TheJacksonLaboratory / splicing-pipelines-nf

Repository for the Anczukow-Lab splicing pipeline
14 stars 10 forks source link

Add clipping parameter #200

Closed lmurba closed 3 years ago

lmurba commented 4 years ago

Problem

rMATS has resolved a conflict with soft clipping. Currently, we have turned soft clipping in STAR #196 off to get around this issue. However, as soft clipping improve the accuracy of mapping - it would be worth testing out this new parameter (or testing a way to hard clip the soft clipped bases).

Dr.
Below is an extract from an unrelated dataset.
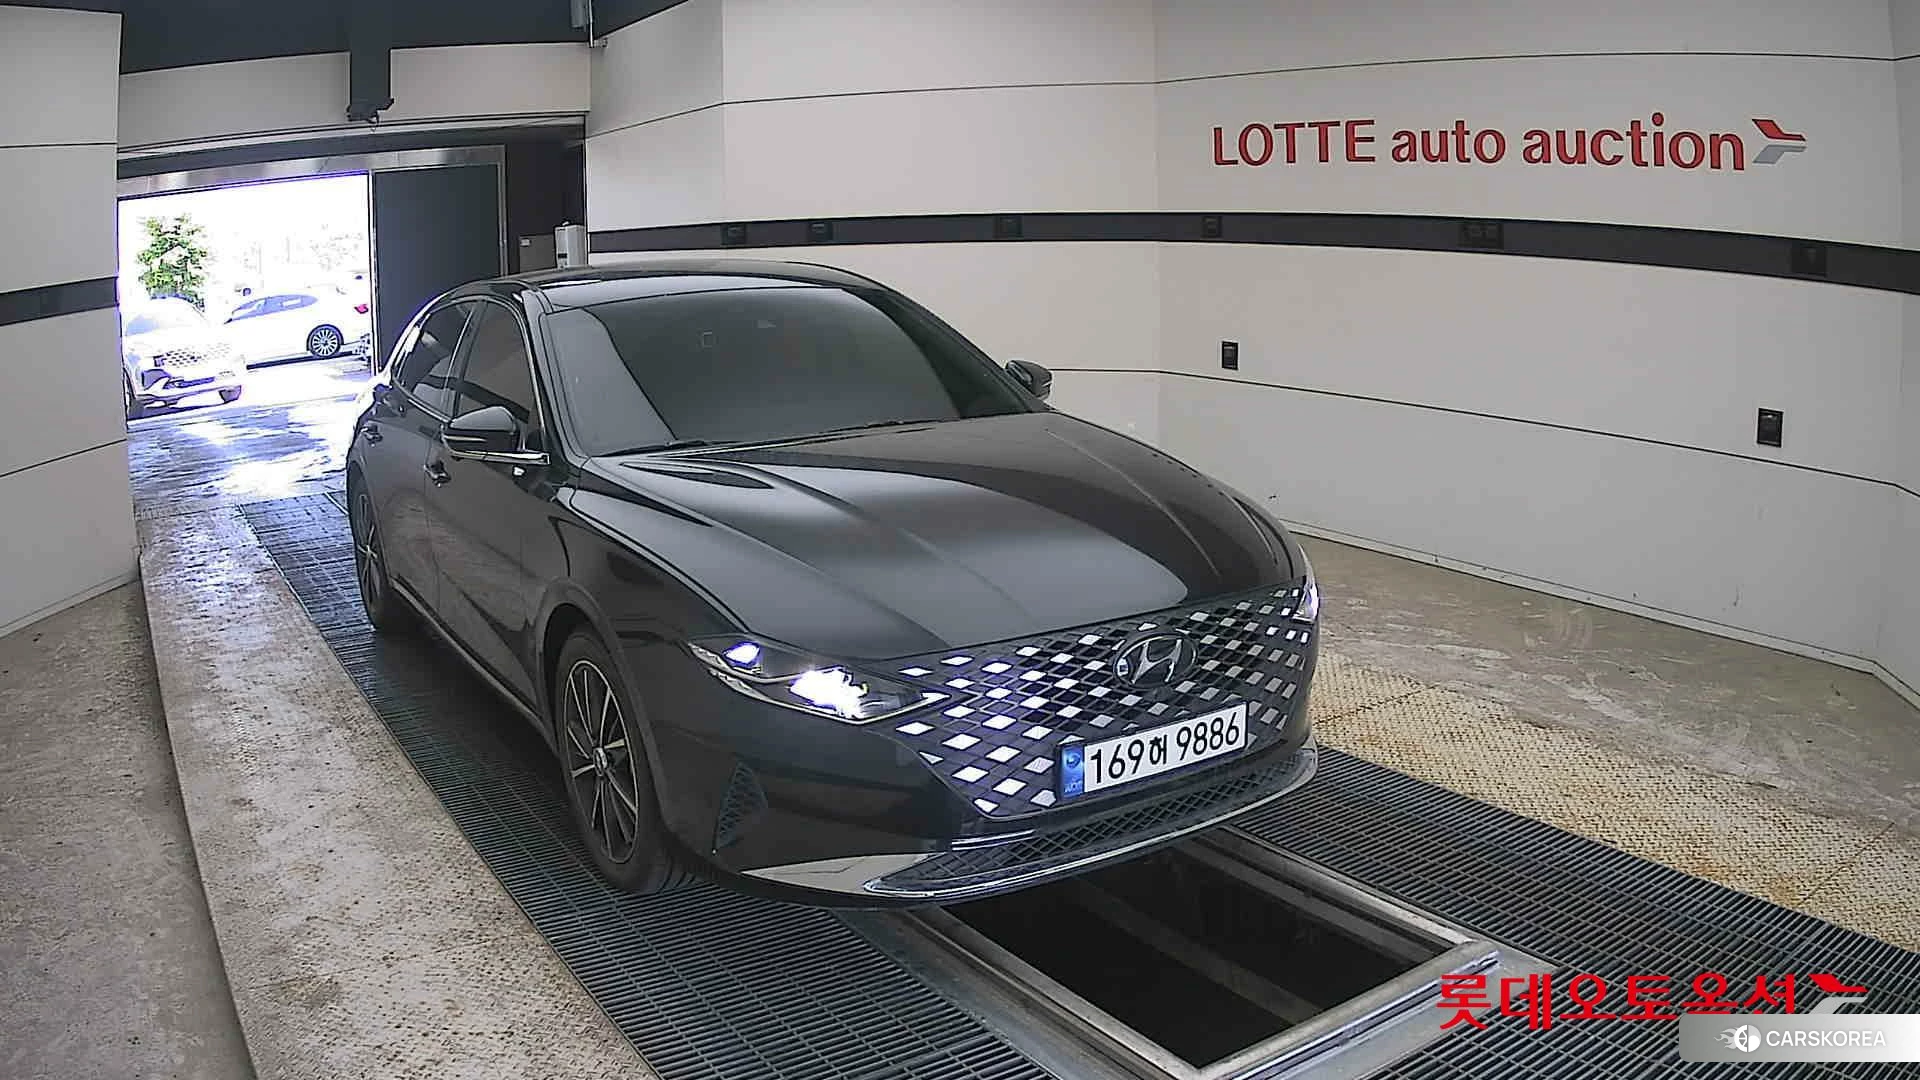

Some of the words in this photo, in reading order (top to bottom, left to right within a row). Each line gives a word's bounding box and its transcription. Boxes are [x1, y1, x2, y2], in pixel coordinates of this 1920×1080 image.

Alex Dobin (STAR creator)- "I would recommend hard-clipping the bases, as I believe the overall alignment quality is better with clipped bases. There should be tool out there, but it's not hard to do it yourself - basically, you need to extract the number of S-clipped bases from CIGAR (5' and 3'), and then trim the read sequence and quality strings for these number of bases."

Upon testing - removing soft clipping did not dramatically impact our mapping. The number of uniquely mapped reads decreased about 1-3% depending on the dataset. However, it is also known that removing soft clipping results in misalignments to pseudogenes.

Solution

When rmats new parameter is implemented, test/add parameter for our pipeline to allow for clipping

Implementation

angarb commented 3 years ago

@sk-sahu

For mapping, we will want to add back soft clipping with a variable. We want soft-clipping to be on as default. In STAR, the parameter is 'alignEndsType' and we want it to be 'Local' when soft clipping is on.

If the soft clipping is on, we will allow-clipping in rMATS